Sırrı Süreyya ile Akın Gürlek’in mahkemedeki bu konuşmalarından Gökçe Fırat’ın Akın Gürlek tarafından gayet bilinçli bir şekilde ve özellikle tutuklandığı anlaşılıyor. Bir hakim düşünün ki, bir davanın sanığı ile Gökçe Fırat hakkında konuşuyor, hatta Gökçe Fırat üzerinden davalıyla pazarlık yapıyor!
İki gündür basında onlarca Akın Gürlek haberi okuduk. İki gündür çıkan bu haberlerde Akın Gürlek’in altına imza attığı hukuksuz kararları ezber ettik.
Bu haberlerin içinde Gökçe Fırat adını gören oldu mu?
Bırakın Gökçe Fırat’ın adını, Gökçe Fırat’ın yargılandığı davanın ismini bile geçirmediler. Yani sadece Gökçe Fırat’ı değil, o davadan yargılanan, hukuksuz olarak yıllarca hapis yatan diğer isimleri de sansürlediler. Elbette bu sansürün tek sebebi, Gökçe Fırat’la birlikte yargılanmalarıydı.
O çok muhalif gazeteler, muhalifin muhalifi köşe yazarları, en ulusalcısından en solcusuna, konu ile ilgili görüş bildiren CHP milletvekillerine kadar her kesimin üzerinde anlaştığı tek şey Gökçe Fırat’ı sansürlemek, Akın Gürlek’in mağdur ettiği isimlerin arasında Gökçe Fırat’ı geçirmemek.
Bunun en önemli sebebi, foyalarının ortaya çıkacak olması. Akın Gürlek’in Gökçe Fırat’a da hukuksuz ceza verdiğini yazarlarsa, Gökçe Fırat’a attıkları tüm iftiralar boşa düşecek çünkü. O nedenle bütün insani ve mesleki ilkeleri bir kenara bırakıp vicdanlarını susturuyorlar.

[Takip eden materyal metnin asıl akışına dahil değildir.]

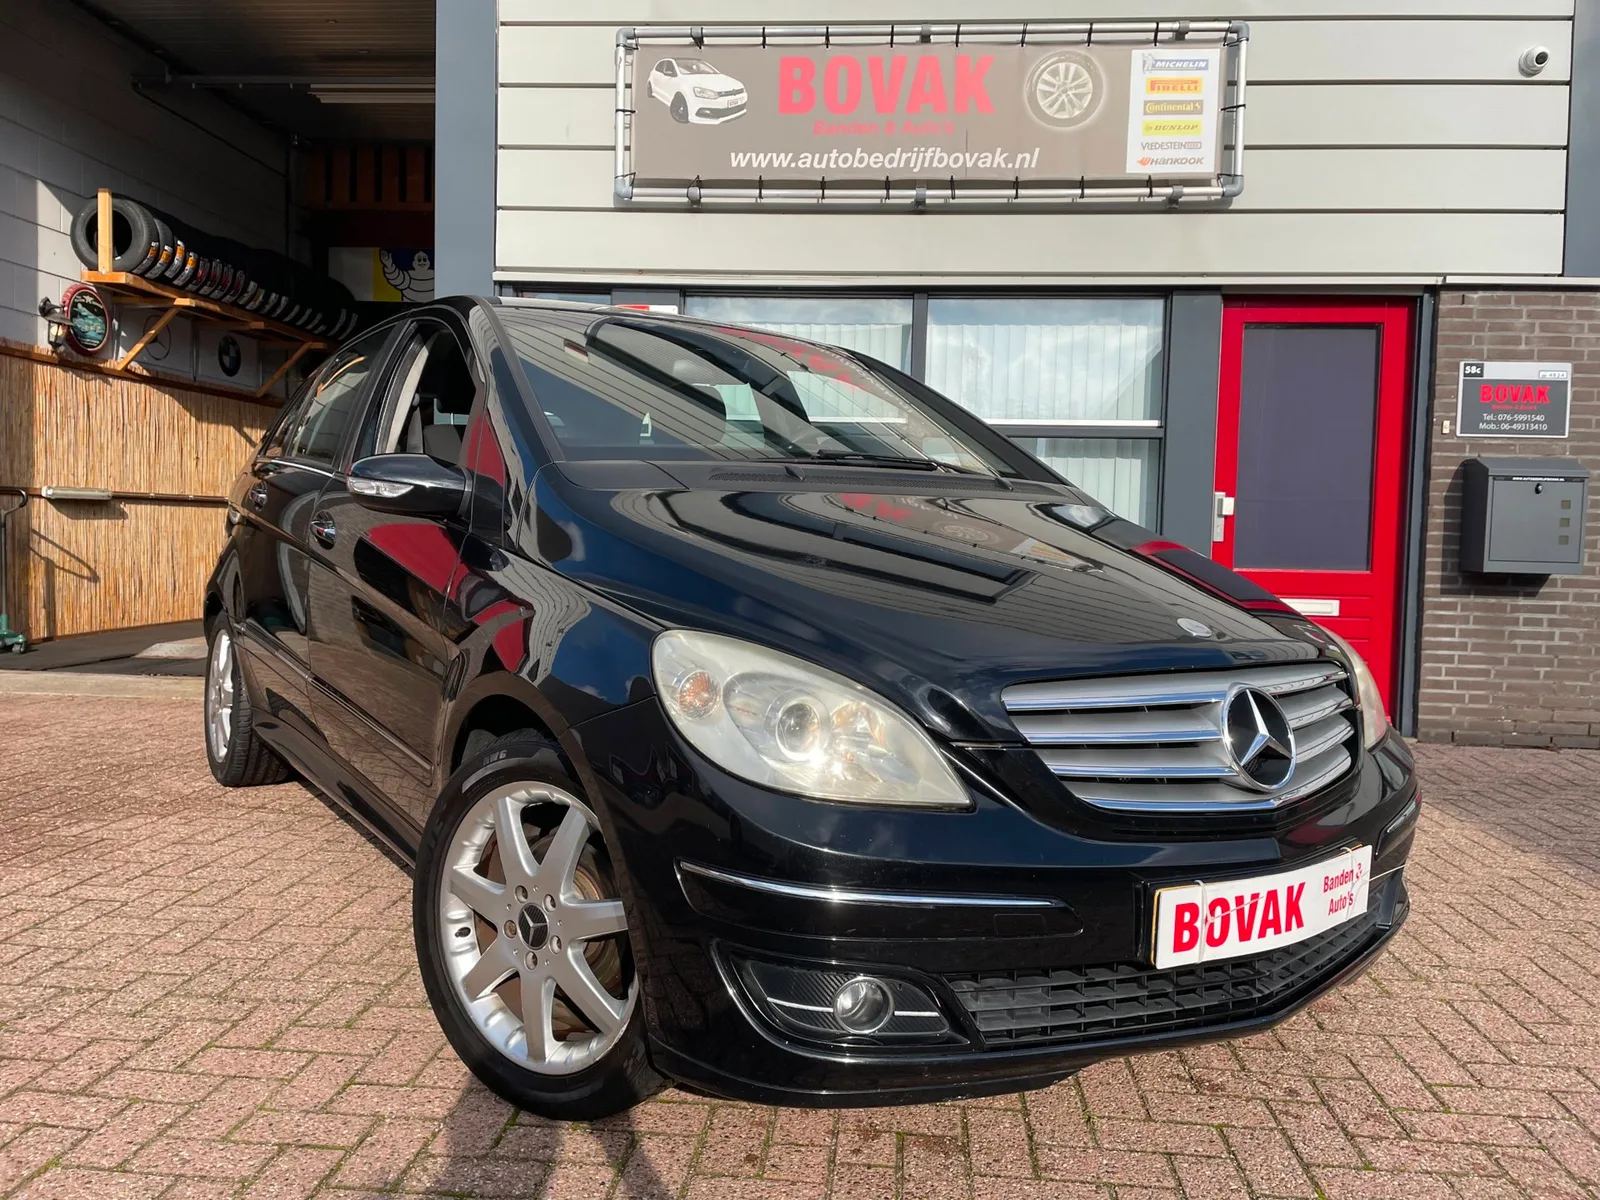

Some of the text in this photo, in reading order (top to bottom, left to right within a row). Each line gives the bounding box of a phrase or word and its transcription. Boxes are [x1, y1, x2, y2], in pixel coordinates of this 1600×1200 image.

Akın Gürlek ile ilgili haberler ve Gökçe Fırat’a yönelik sansür, basının ilkesizliğini, vicdansızlığını ortaya koyan bir turnusol kağıdı işlevi görmüştür. Sabah akşam sansür diye bağıran en solcu, en muhalif, en ulusalcı gazetelerin, televizyonların, Gökçe Fırat’ı nasıl sansürlediğini bu iki gün içinde tüm Türkiye gördü.
Yarın bir gün devran dönüp Akın Gürlek’lerden hesap sorulduğunda, Gökçe Fırat’a hukuksuzluğun yanı sıra bu sansür ve iftiralar da bizim adımıza hesap defterine şimdiden işlensin.